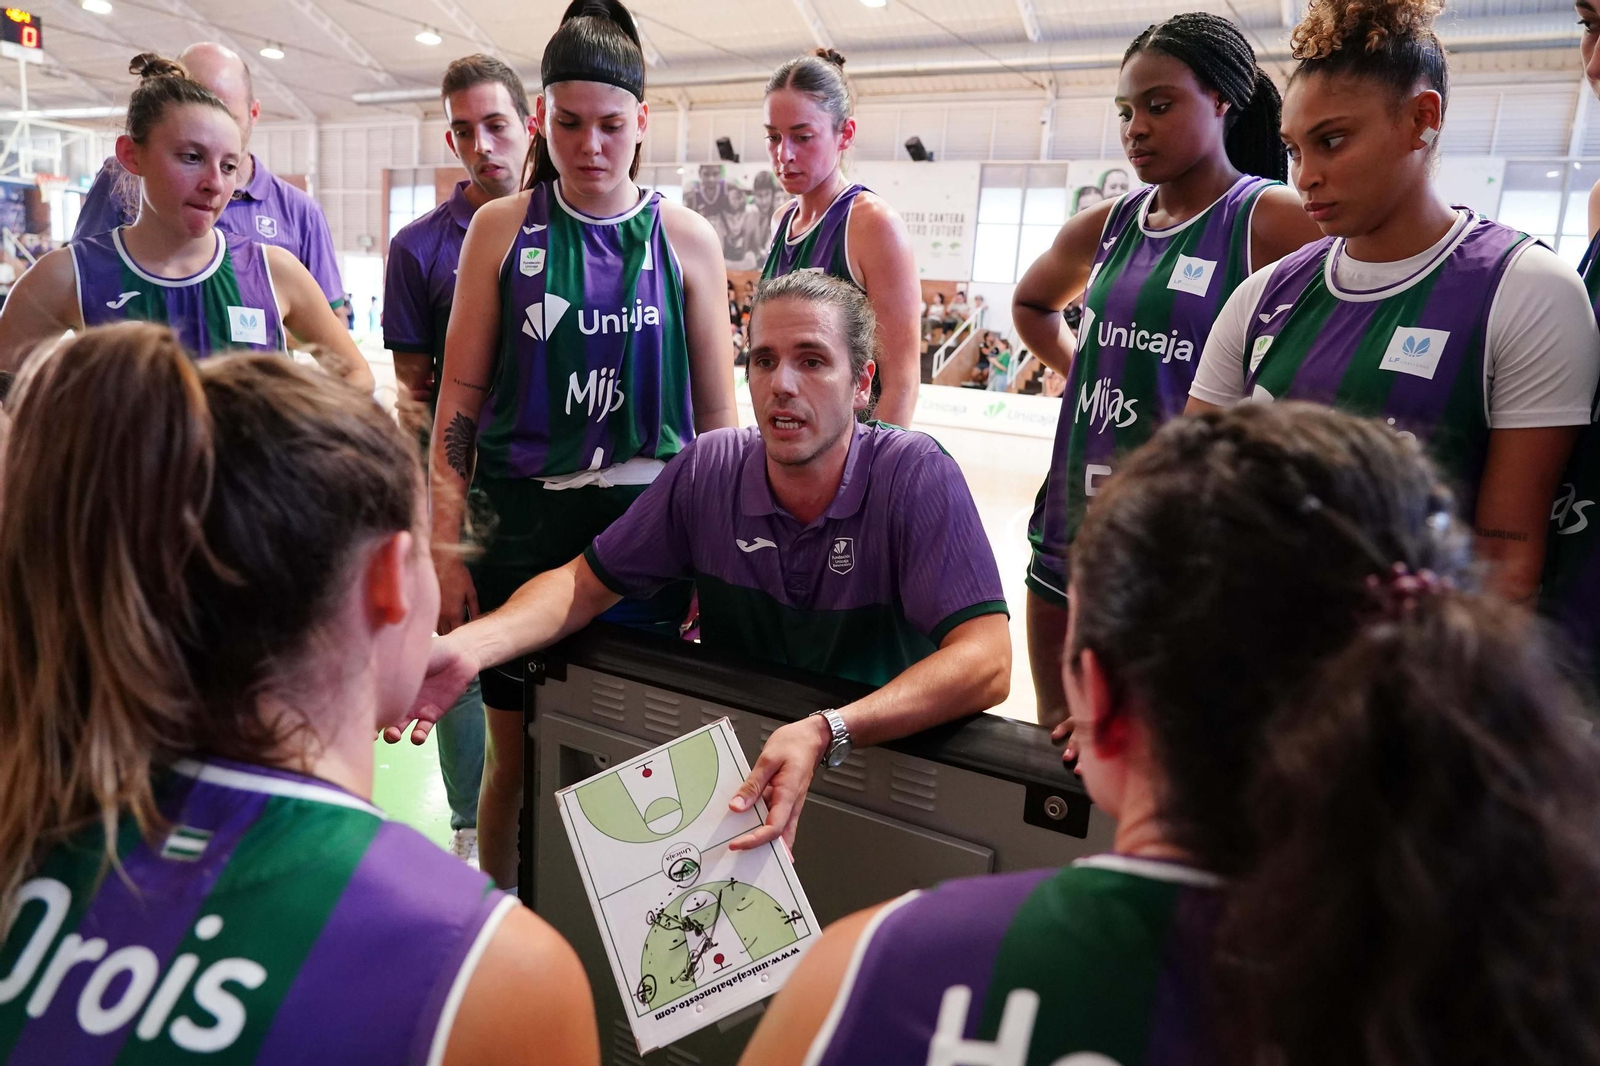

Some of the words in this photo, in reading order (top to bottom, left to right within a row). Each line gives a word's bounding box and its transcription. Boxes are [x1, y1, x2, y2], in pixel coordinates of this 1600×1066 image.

[22, 26, 37, 47] 0
[929, 212, 965, 224] CANTERA
[578, 299, 660, 335] Unija
[1097, 321, 1194, 364] Unicaja
[565, 367, 625, 423] Mijs
[1075, 377, 1138, 434] Mijas
[1483, 528, 1528, 542] SURRENDER
[665, 847, 692, 862] Unicaja
[654, 947, 800, 1022] www.unicajabaloncesto.com
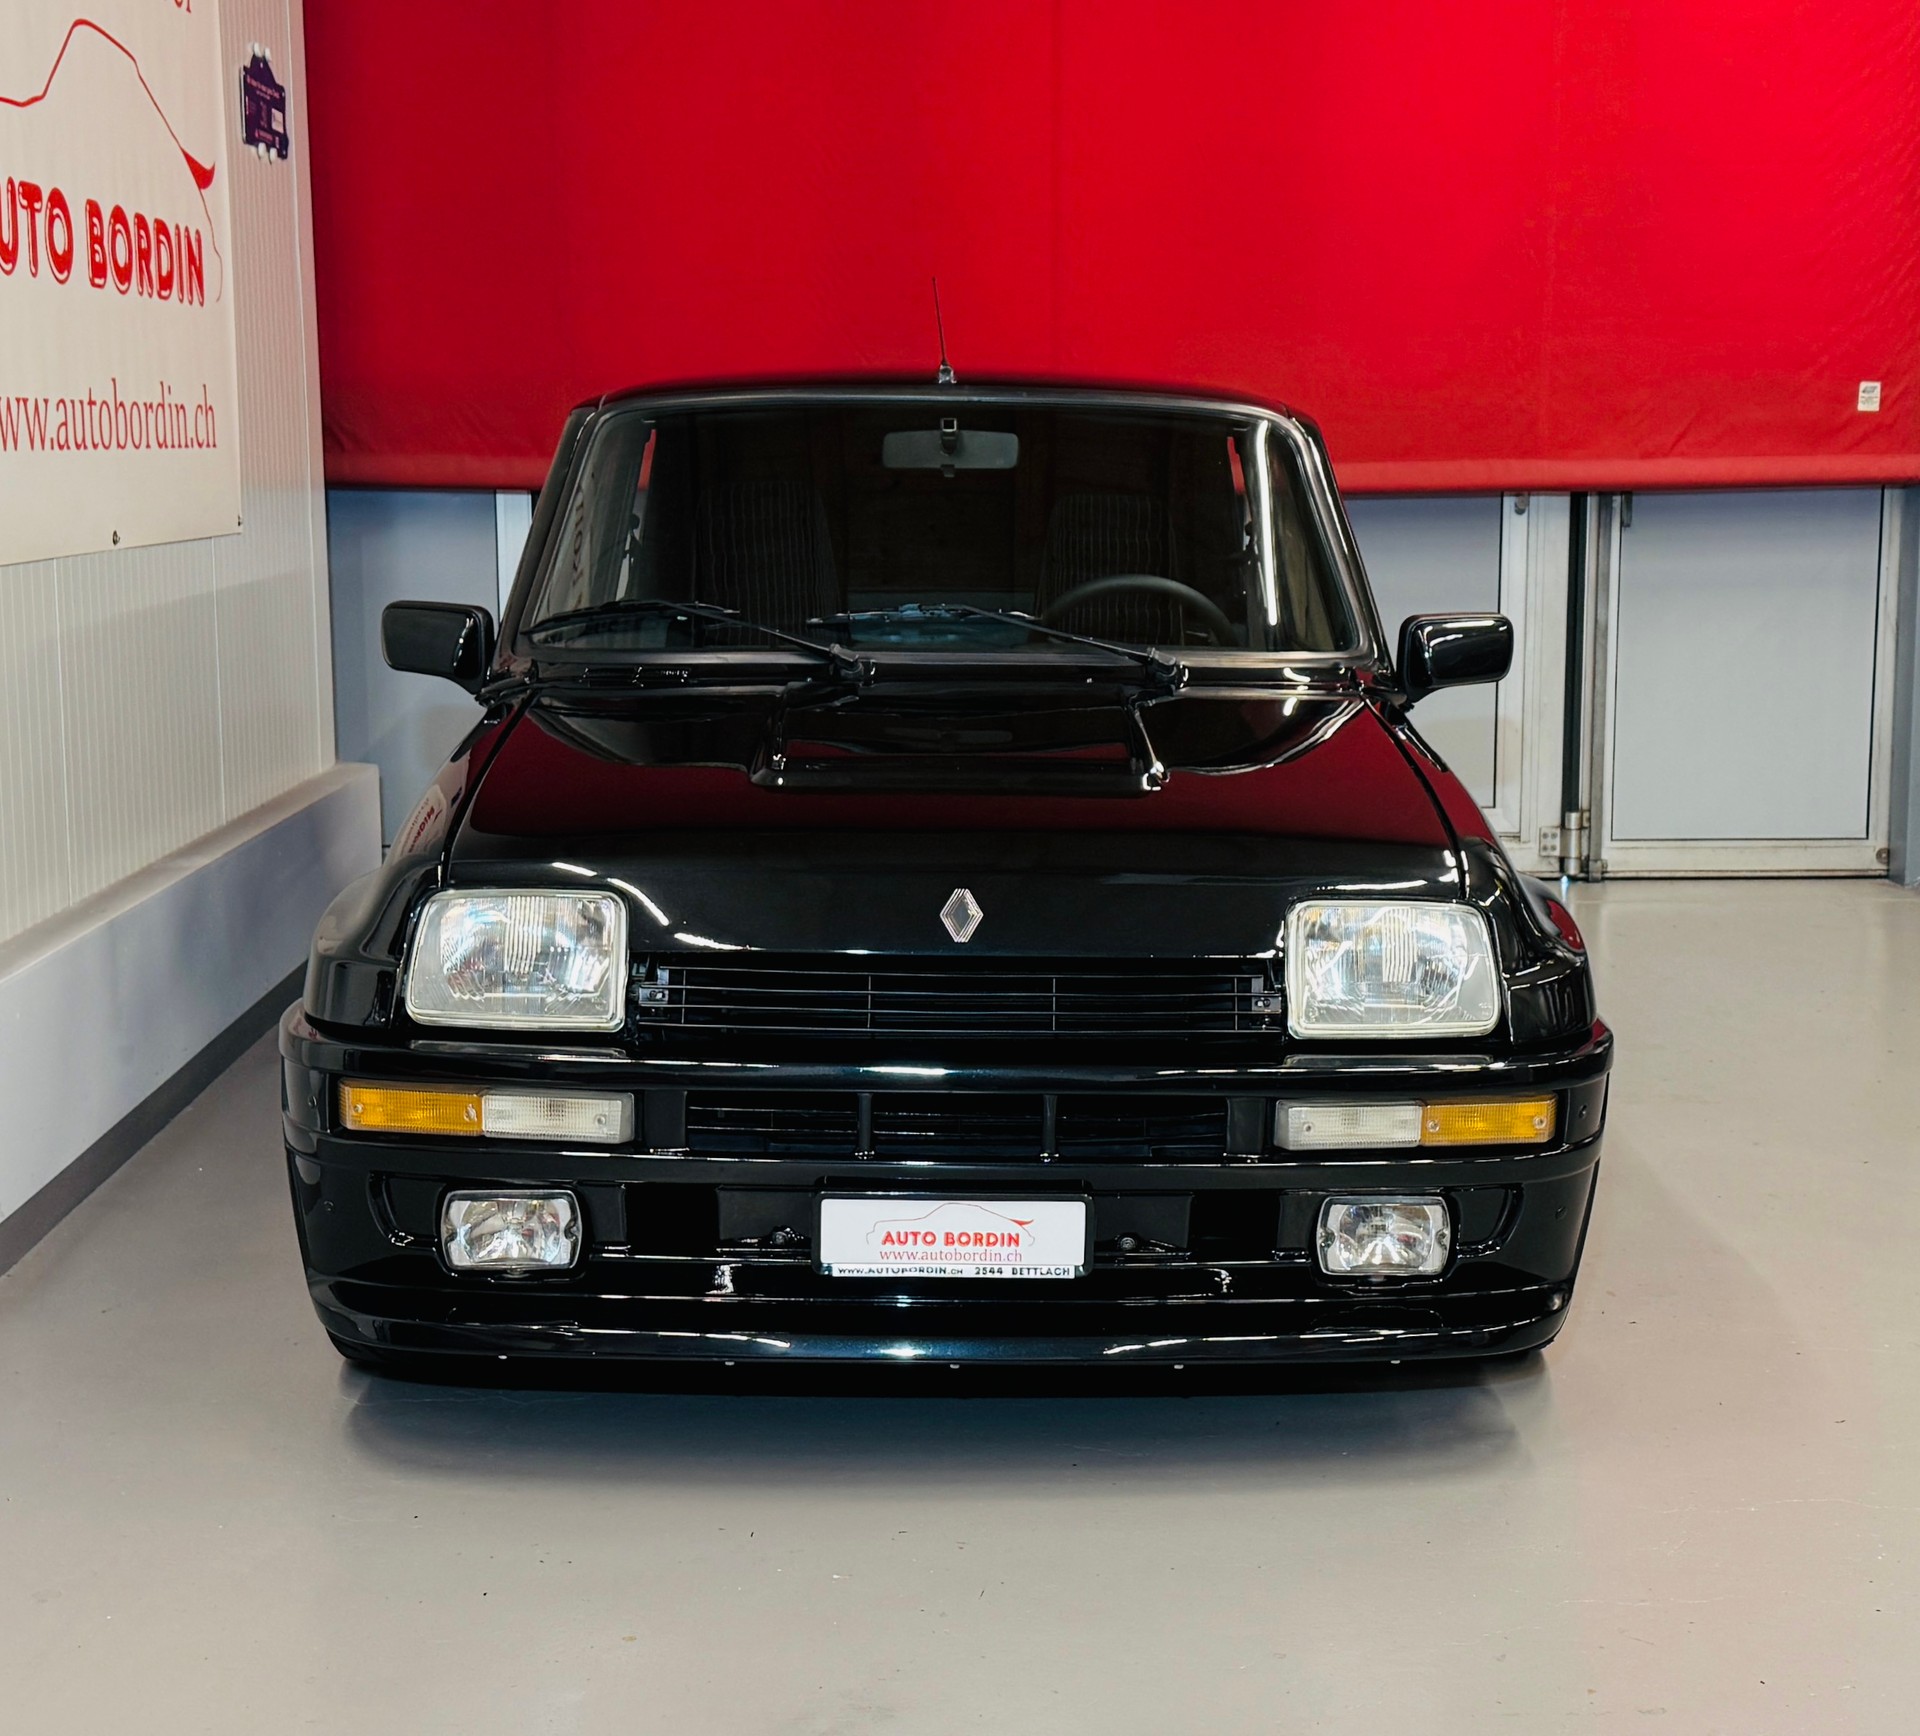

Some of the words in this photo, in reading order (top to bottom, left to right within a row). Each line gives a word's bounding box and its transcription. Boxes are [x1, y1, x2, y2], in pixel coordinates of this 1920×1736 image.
○ ○ ○ ○ ○ ○ ○
When you reach an image, pass over it, and retype all other material exactly.

Output for this task —
Some of the words in this photo, in reading order (top to bottom, left to right within a row). Each line gives a word's bounding box and its transcription. Boxes are [x1, y1, x2, y2], in pixel coordinates of this 1600×1066 image.

[22, 26, 37, 47] 0
[929, 212, 965, 224] CANTERA
[578, 299, 660, 335] Unija
[1097, 321, 1194, 364] Unicaja
[565, 367, 625, 423] Mijs
[1075, 377, 1138, 434] Mijas
[1483, 528, 1528, 542] SURRENDER
[665, 847, 692, 862] Unicaja
[654, 947, 800, 1022] www.unicajabaloncesto.com

Some of the words in this photo, in reading order (top to bottom, left to right within a row). Each line gives a word's bounding box and its transcription. Boxes are [x1, y1, x2, y2], in pixel coordinates of this 1920×1736 image.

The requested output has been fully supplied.